Prüfgrundsätze

im Wandel der Zeit

Im Laufe der Zeit gabe es eine Menge unterschiedlicher Prüfgrundsätze, die ich hier kurz darstelle und danach einordne.

Der erste Prüfgrundsatz war der „Prüfgrundsatz für Corona-Virus Pandemie Atemschutzmasken“ (CPA) in der Revision 0 vom 19.03.2020. Er ist von zwei Prüfhäusern (Dekra und IFA) für Persönliche Schutzausrüstung mit entsprechend langjähriger Erfahrung geschrieben worden.

Bereits am 26.03.2020 wurde der Prüfgrundsatz in der Revision 1 herausgegeben.

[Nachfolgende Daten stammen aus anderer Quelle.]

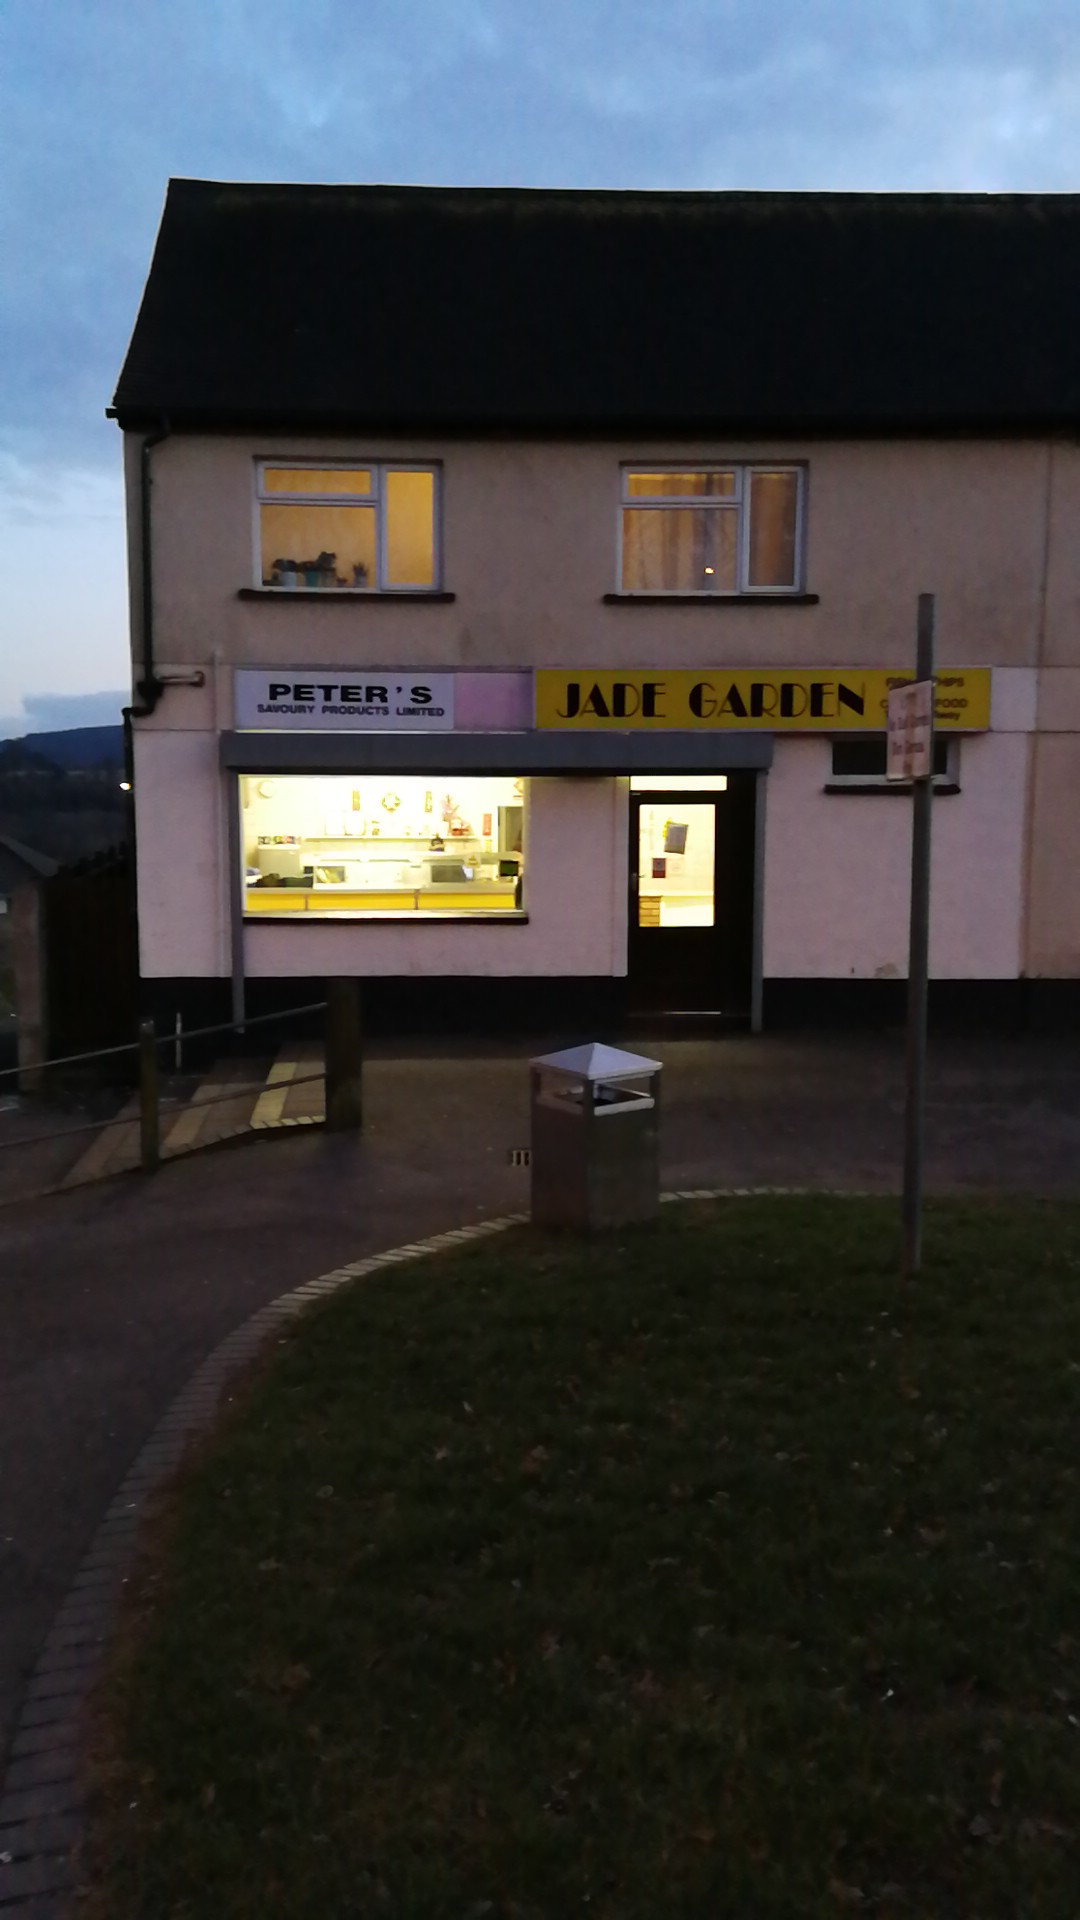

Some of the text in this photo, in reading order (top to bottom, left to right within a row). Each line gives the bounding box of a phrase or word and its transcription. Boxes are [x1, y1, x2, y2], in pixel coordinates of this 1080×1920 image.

[268, 683, 433, 704] PETER'S
[556, 682, 867, 719] JADE GARDEN
[257, 703, 445, 717] SAVOURY PRODUCTS LIMITED
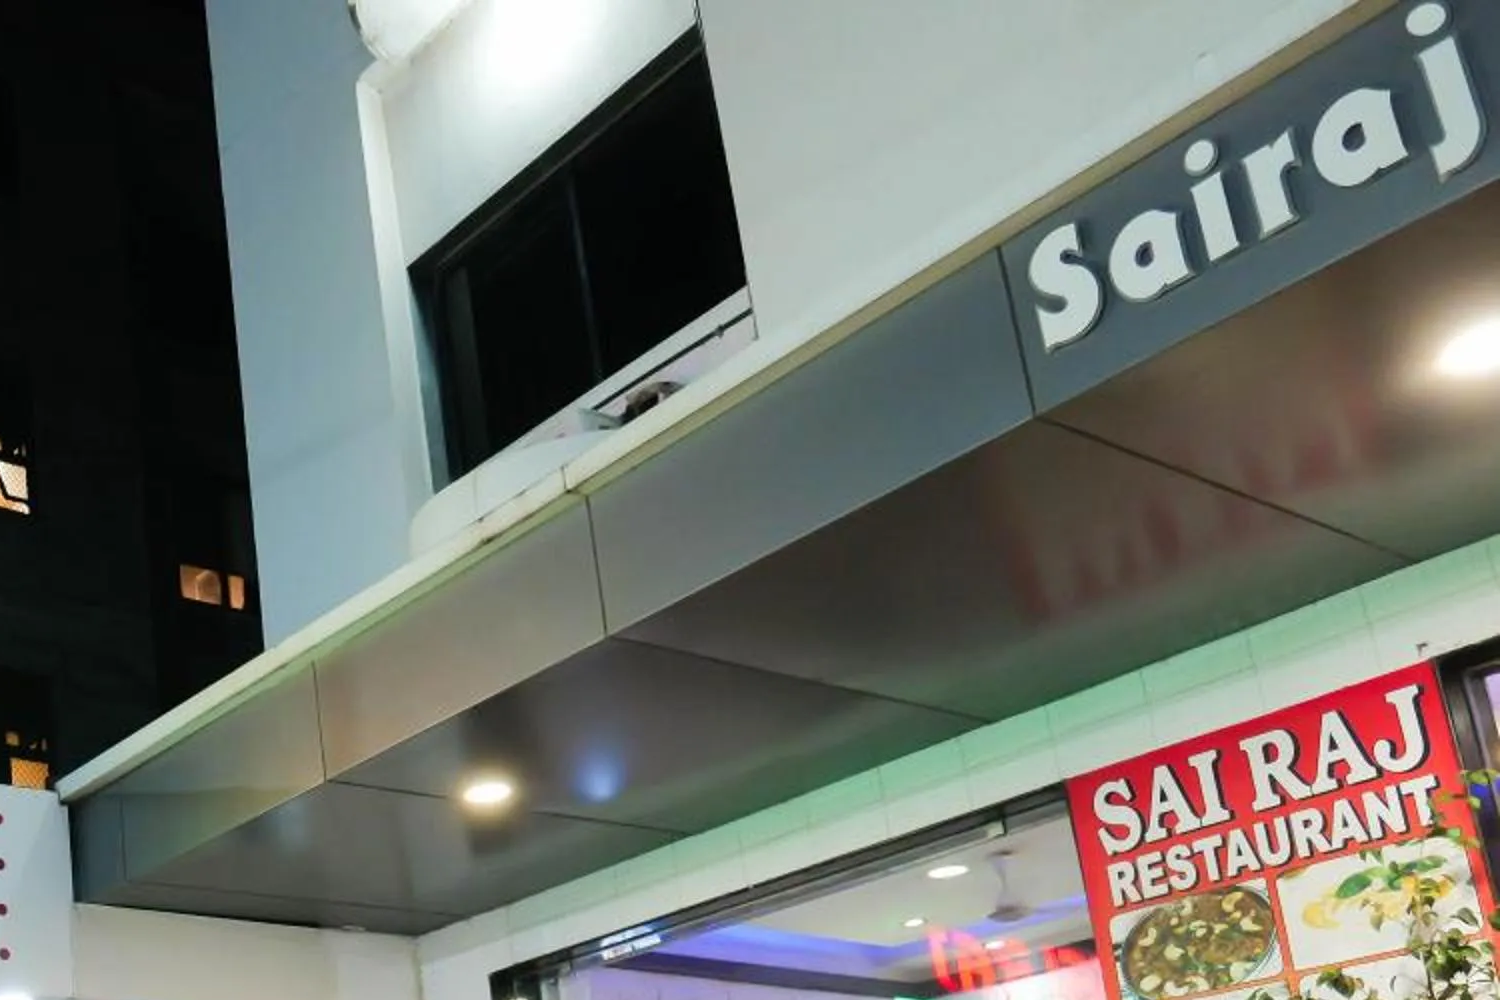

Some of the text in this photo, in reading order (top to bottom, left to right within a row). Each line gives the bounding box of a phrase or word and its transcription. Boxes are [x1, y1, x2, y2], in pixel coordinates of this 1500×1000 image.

[1028, 1, 1488, 354] Sairaj
[1093, 684, 1427, 857] SAI RAJ
[1106, 775, 1440, 907] RESTAURANT

Am 14.04.2020 schrieben das Bundesinistitut für Arzneimittel und Medizinprodukte (also keine Persönliche Schutzausrüstung) zusammen mit dem TÜV Nord (kein Prüfhaus für Persönliche Schutzausrüstung zu der Zeit) den Prüfgrundsatz für Corona SARS-CoV-2 Pandemie – medizinische Masken in der Rev. 0 vom 14.04.2020. Diese Prüfgrundsatz wurde in der Bundestag Drucksache 19/21798 am 21.08.2020 veröffentlicht. Spannend an dem Prüfgrundsatz ist die Einschränkung in der Anwendung.

Dieses Dokument beschreibt die minimalen Anfordernugen und Prüfverfahren für medizischen Gesichtsmasken die im Zusammenhang mit der Corona SARS-CoV-2-Virus Pandemie beschafft worden sind […] Die medizischen Gesichtsmasken nach diesem Prüfgrundsatz sind auch keine persönliche Schutzausrüstung gemäß PSA Verordnung (EU) 2016/425.

Bundestag Drucksache 19/21798 vom 21.08.2020 Seite 56 (Hervorhebung erfolgte im Dokument)

Hierbei ist es relevant zu wissen, dass der Begriff „Medizinische Gesichtmasken“ sicherlich nicht willkürlich gewählt worden ist, da er der Titel der Norm „DIN EN 14683:2019-10 Medizinische Gesichtsmasken – Anforderungen und Prüfverfahren; Deutsche Fassung EN 14683:2019+AC:2019“ ist. Dies sollte dem zuständigen Bundesinistitut und einem Prüfhaus für Medizinprodukte bekannt gewesen sein.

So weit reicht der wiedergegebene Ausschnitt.